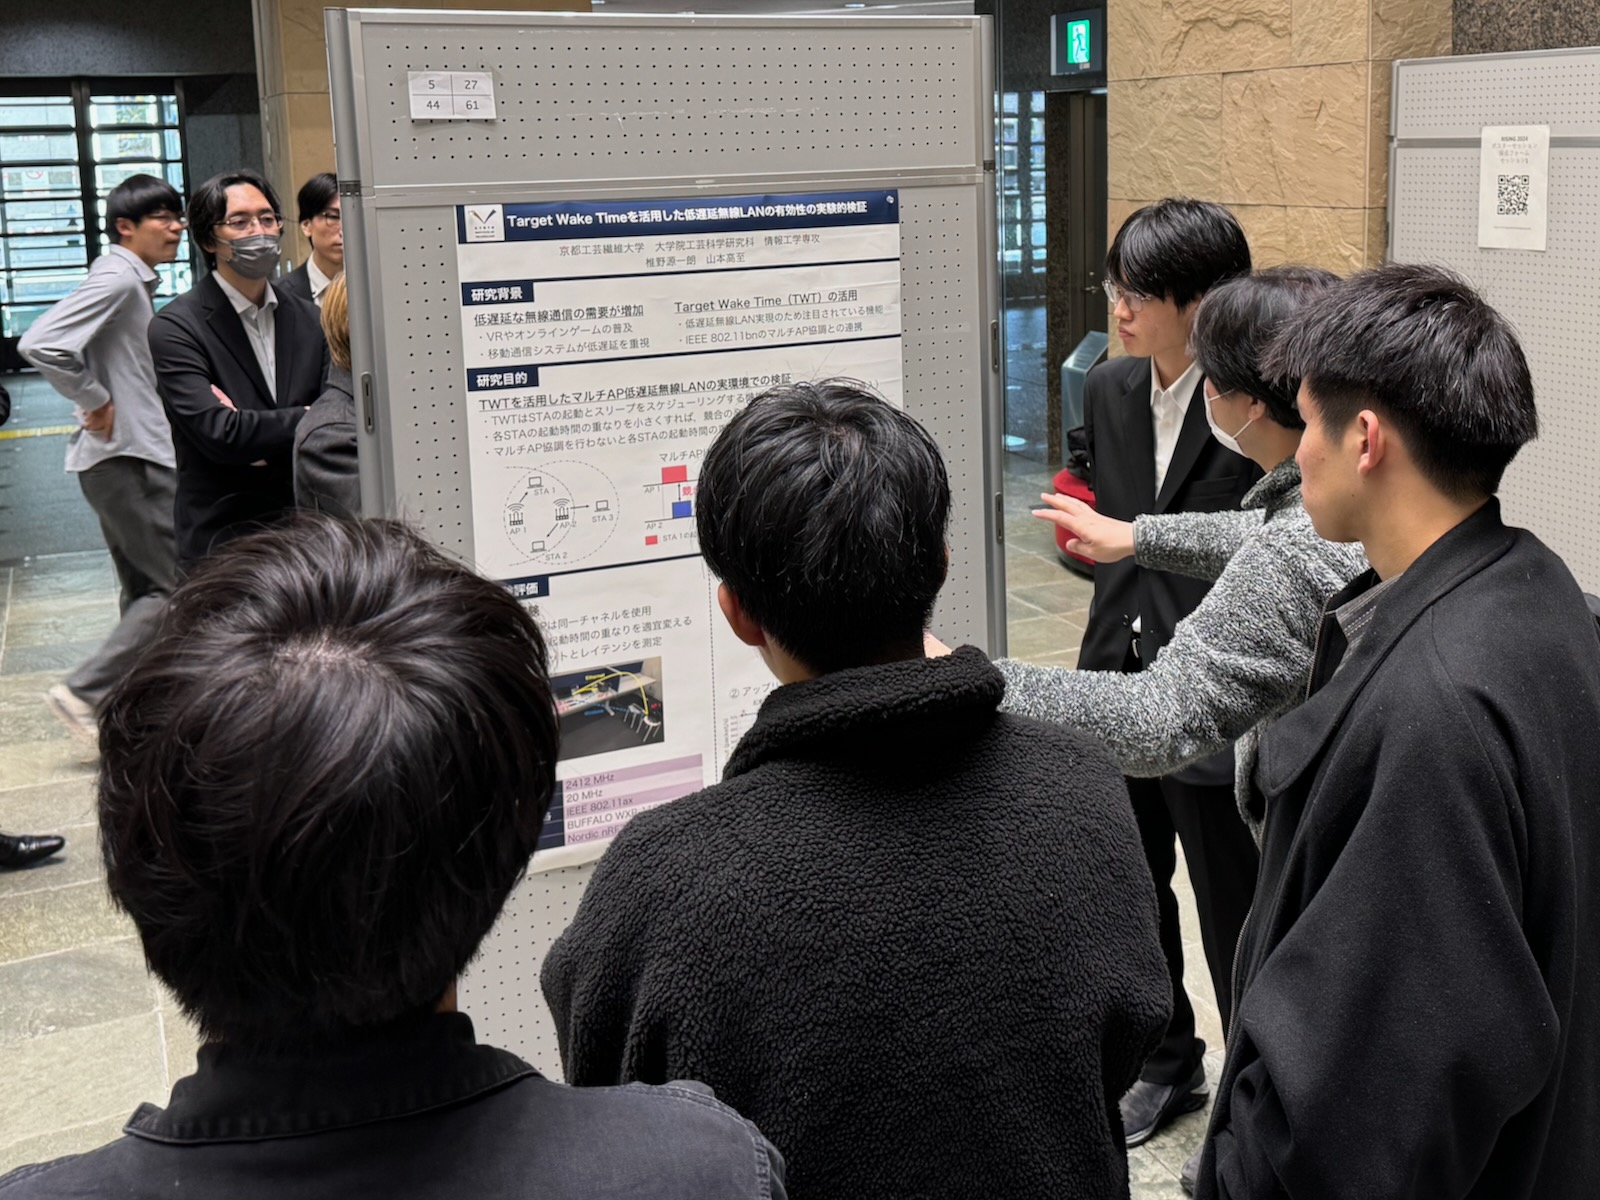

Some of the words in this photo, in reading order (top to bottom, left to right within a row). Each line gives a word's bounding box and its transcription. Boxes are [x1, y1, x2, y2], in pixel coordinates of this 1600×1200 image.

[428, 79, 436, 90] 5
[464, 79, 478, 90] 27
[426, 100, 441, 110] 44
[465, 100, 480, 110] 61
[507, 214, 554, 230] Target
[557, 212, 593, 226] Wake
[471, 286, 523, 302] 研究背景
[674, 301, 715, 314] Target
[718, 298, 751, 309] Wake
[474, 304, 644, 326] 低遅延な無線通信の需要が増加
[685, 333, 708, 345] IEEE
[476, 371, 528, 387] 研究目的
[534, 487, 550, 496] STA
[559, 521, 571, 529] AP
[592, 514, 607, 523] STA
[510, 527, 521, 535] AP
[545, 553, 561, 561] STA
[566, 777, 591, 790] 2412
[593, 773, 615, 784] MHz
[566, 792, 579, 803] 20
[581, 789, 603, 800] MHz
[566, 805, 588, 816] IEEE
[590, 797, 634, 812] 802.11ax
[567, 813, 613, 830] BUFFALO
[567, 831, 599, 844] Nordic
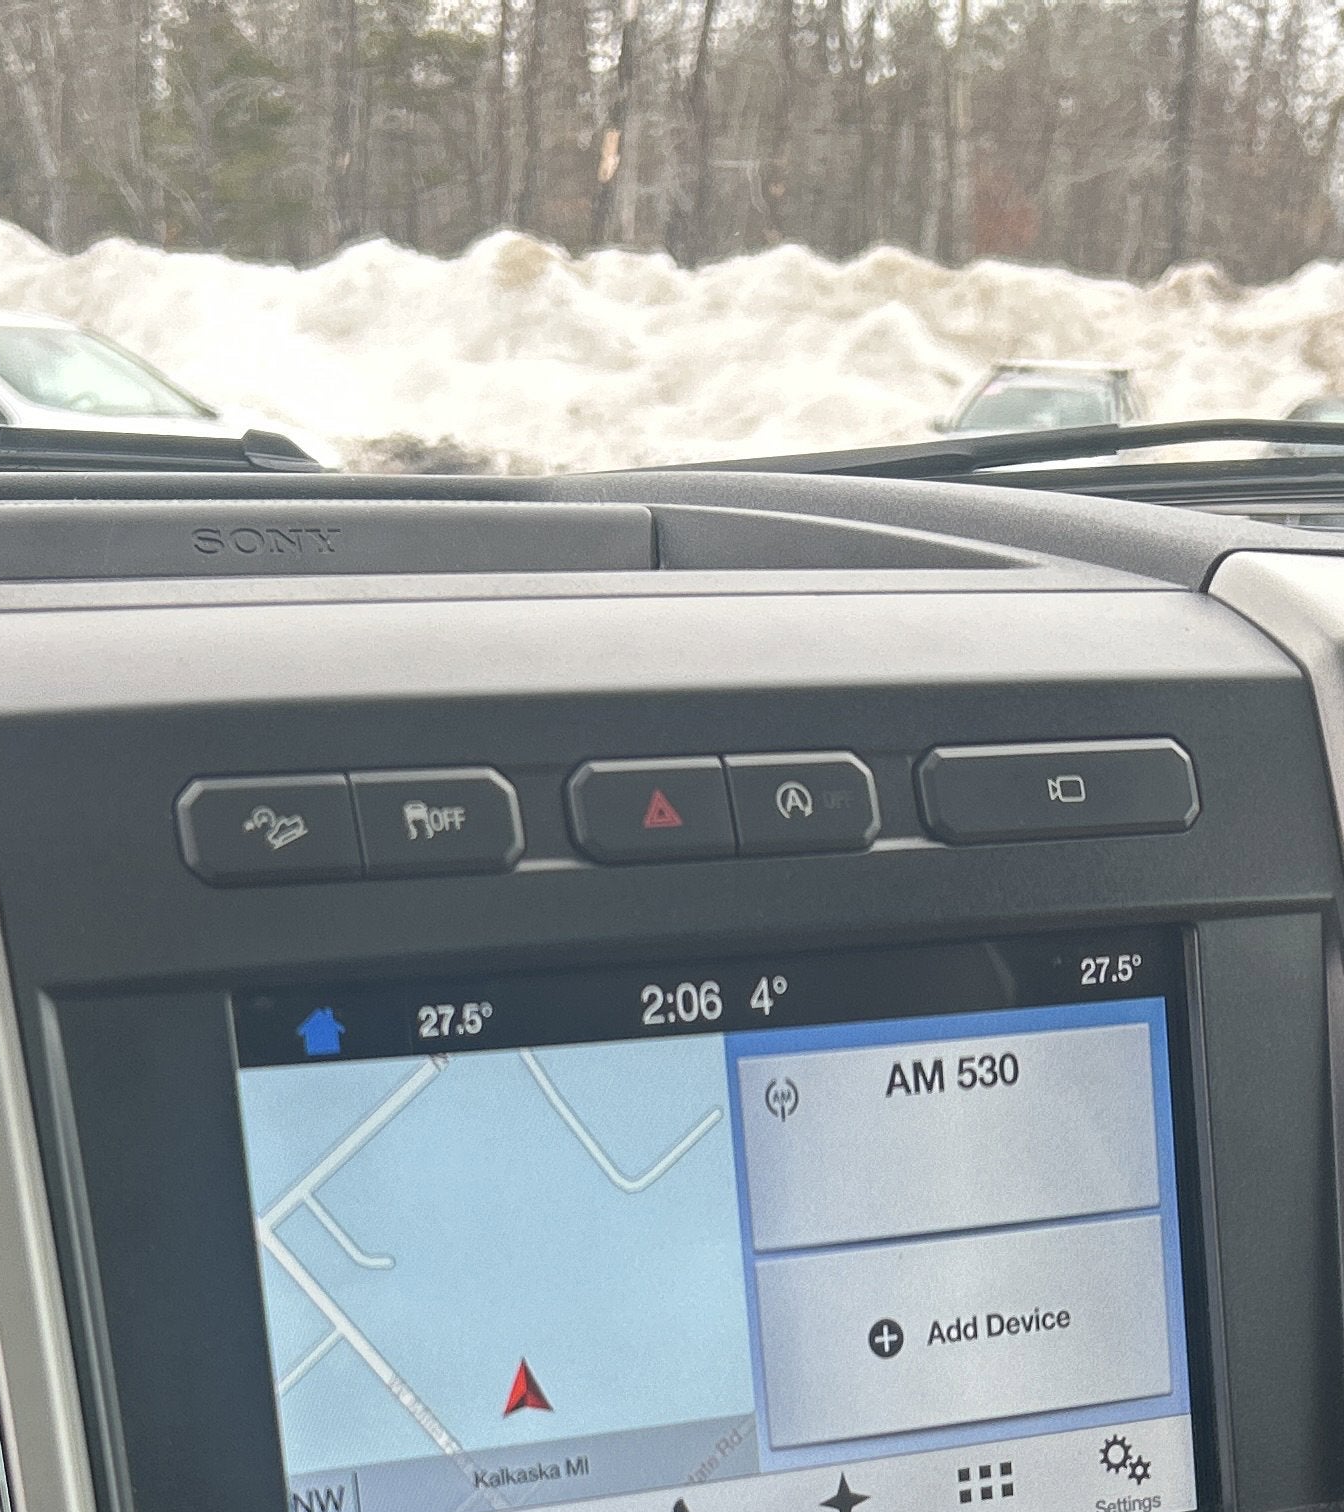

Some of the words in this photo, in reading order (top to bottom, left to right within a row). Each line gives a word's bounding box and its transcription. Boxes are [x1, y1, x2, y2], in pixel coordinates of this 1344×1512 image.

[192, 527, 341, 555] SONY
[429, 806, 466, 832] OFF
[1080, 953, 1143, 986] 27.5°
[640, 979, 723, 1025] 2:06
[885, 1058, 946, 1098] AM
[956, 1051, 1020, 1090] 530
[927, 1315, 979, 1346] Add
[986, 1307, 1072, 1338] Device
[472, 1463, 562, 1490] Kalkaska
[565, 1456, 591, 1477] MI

§ **The task**
Your response should consist solely of the lines from the one containing "this 1344×1512 image." to the end of the entries, both ends included, exactly as they appear.

§ **Response below**
Some of the words in this photo, in reading order (top to bottom, left to right within a row). Each line gives a word's bounding box and its transcription. Boxes are [x1, y1, x2, y2], in pixel coordinates of this 1344×1512 image.

[192, 527, 341, 555] SONY
[429, 806, 466, 832] OFF
[1080, 953, 1143, 986] 27.5°
[640, 979, 723, 1025] 2:06
[885, 1058, 946, 1098] AM
[956, 1051, 1020, 1090] 530
[927, 1315, 979, 1346] Add
[986, 1307, 1072, 1338] Device
[472, 1463, 562, 1490] Kalkaska
[565, 1456, 591, 1477] MI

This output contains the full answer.